Kabalagala is the cycle of arbitrary arrest and detention that men face due to draconian colonial vagrancy laws that punish the poor.

Another dimension of precarity engendered by the informal economy is how it has shifts structures of social organization. My research findings align with Parry’s

(1999) study of the informal sector in India, where neoliberal economic policies have transformed the relevance of long-standing markers of social class. Similarly,

Kabalagala’s men are unable to transcend their marked “youth status,” relegated to the status of a boy well into their 30s. Finkelstein (2019, p. 53) captures this notion of being left behind in an ethnography of Bombay’s mill workers:

Current trends in anthropology privilege a forward form of looking: forms of development and institutional ethnographies that unravel how government structures and bureaucratic institutions fuel a teleological conception of progress. While I do not dispute the importance of such engagements, I want to suggest that such a lens simultaneously renders those on the margins intelligible only as leftovers and archaic spaces: as cities redevelop, as markets restructure, and as communities are formed and reformed, the traces of such forward motion – those who are “left behind” or continue to struggle at the margins – become the unseen casualties of more convenient stories.

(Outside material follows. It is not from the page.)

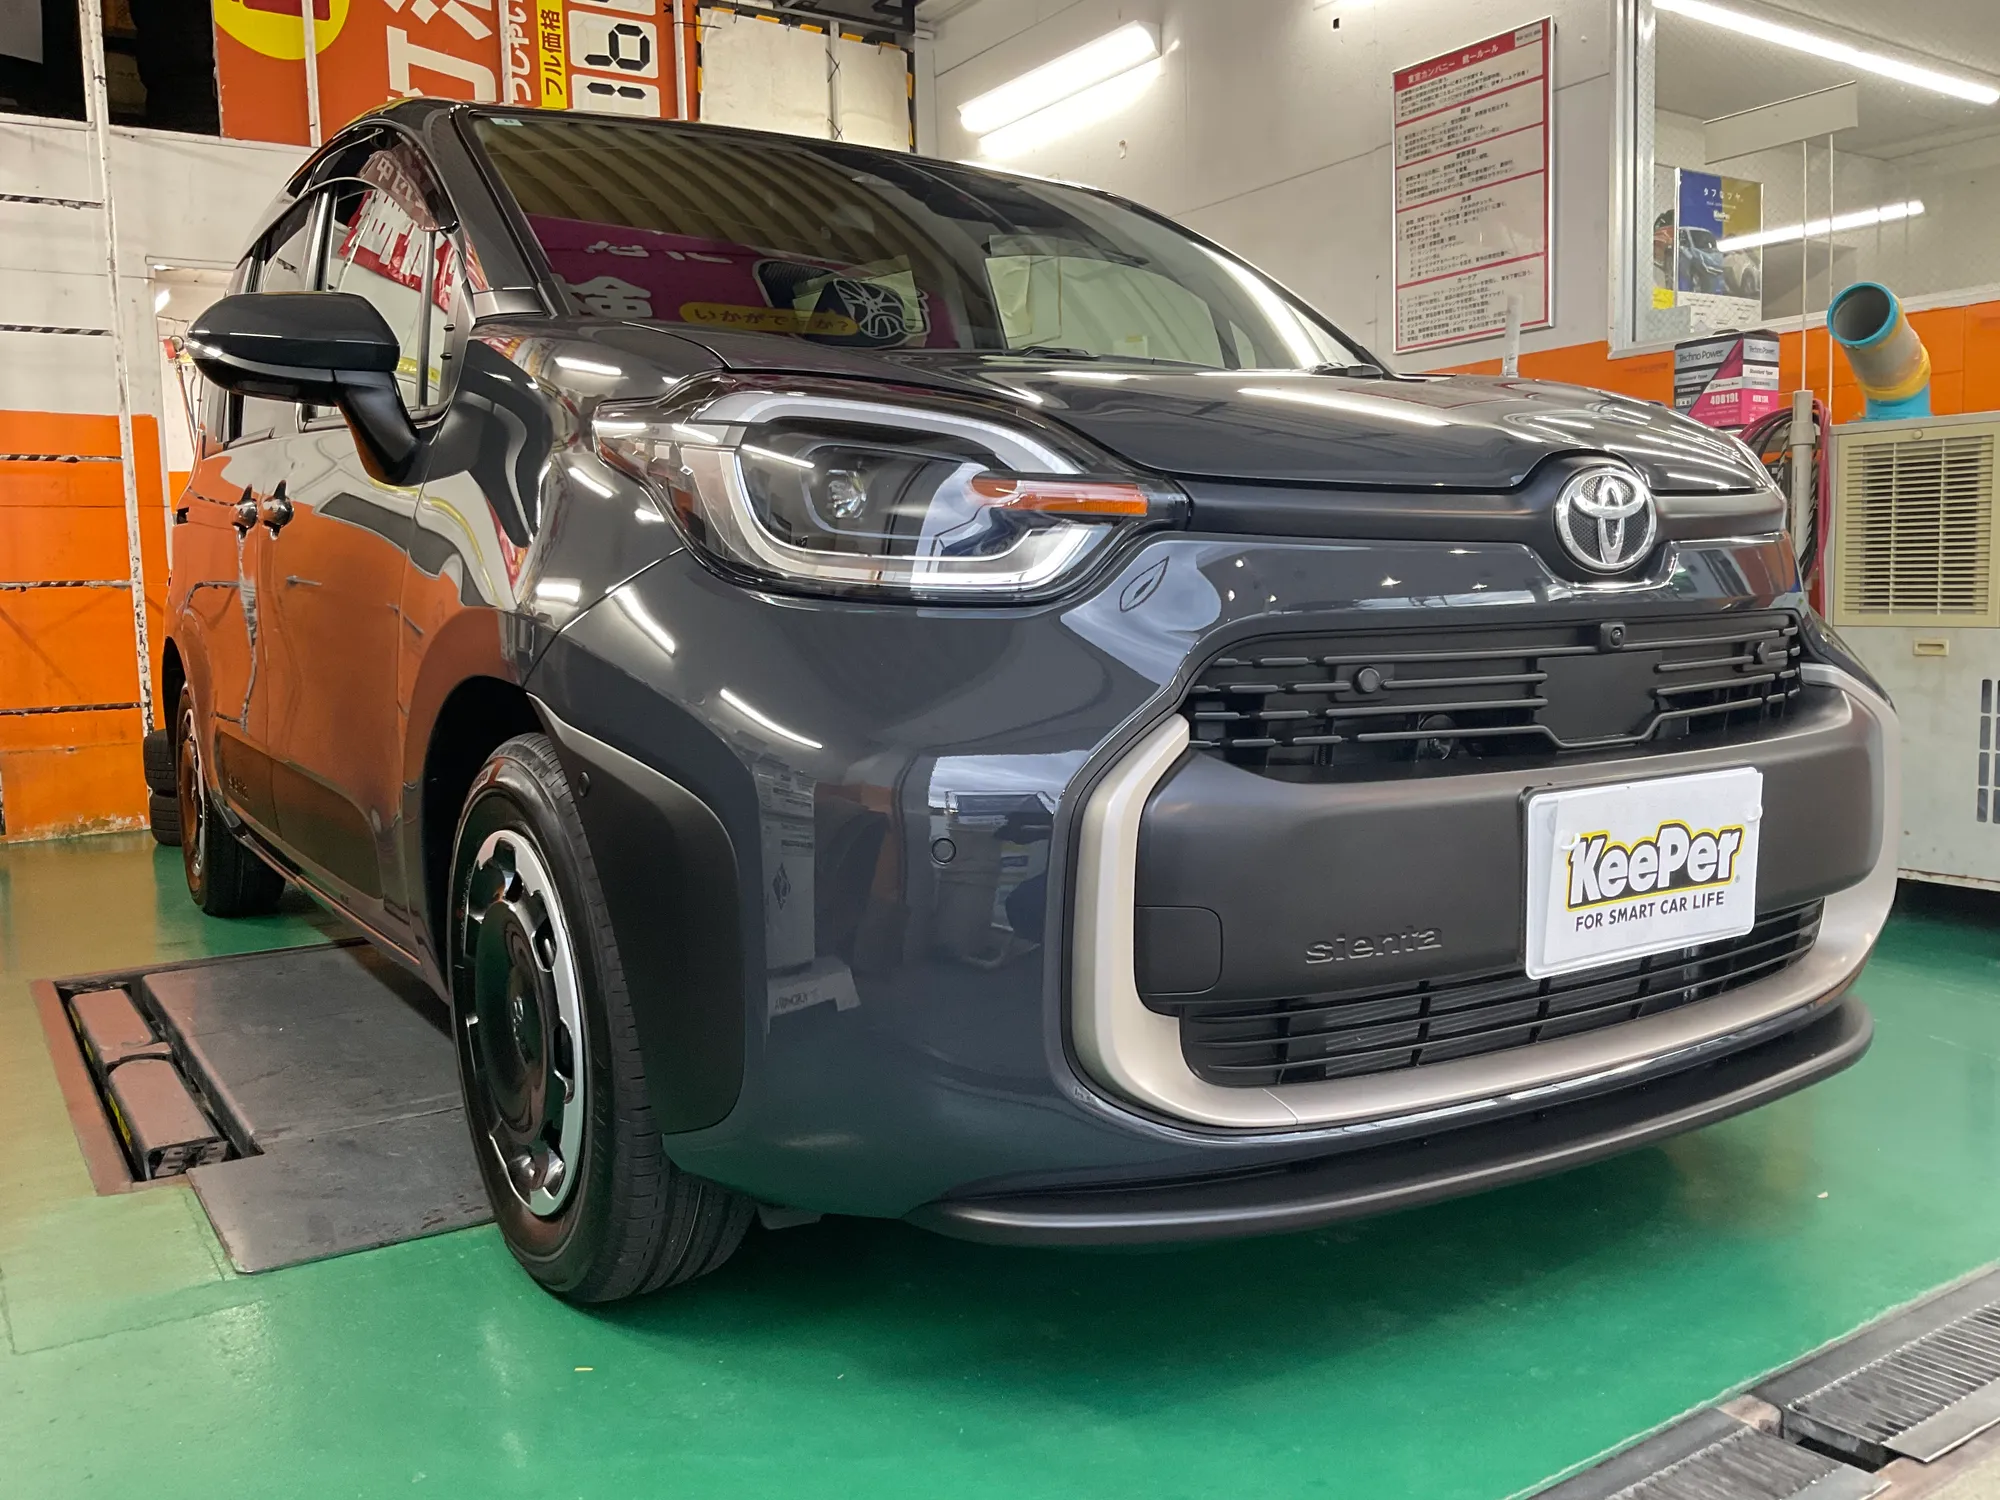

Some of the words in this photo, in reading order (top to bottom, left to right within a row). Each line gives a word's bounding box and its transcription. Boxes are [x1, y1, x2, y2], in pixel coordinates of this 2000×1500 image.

In congruence, I argue that Kabalagala’s men are “unseen casualties of more convenient stories.” KCCA rhetoric of progress is not always human-centered or implemented in a manner that benefits the residents in the Slum Upgrading Project.

Rather than accept the outcome, Kabalagala’s men rebuff the more convenient stories.

This is certainly present in the rumblings of political dissent that emerge from men’s narratives.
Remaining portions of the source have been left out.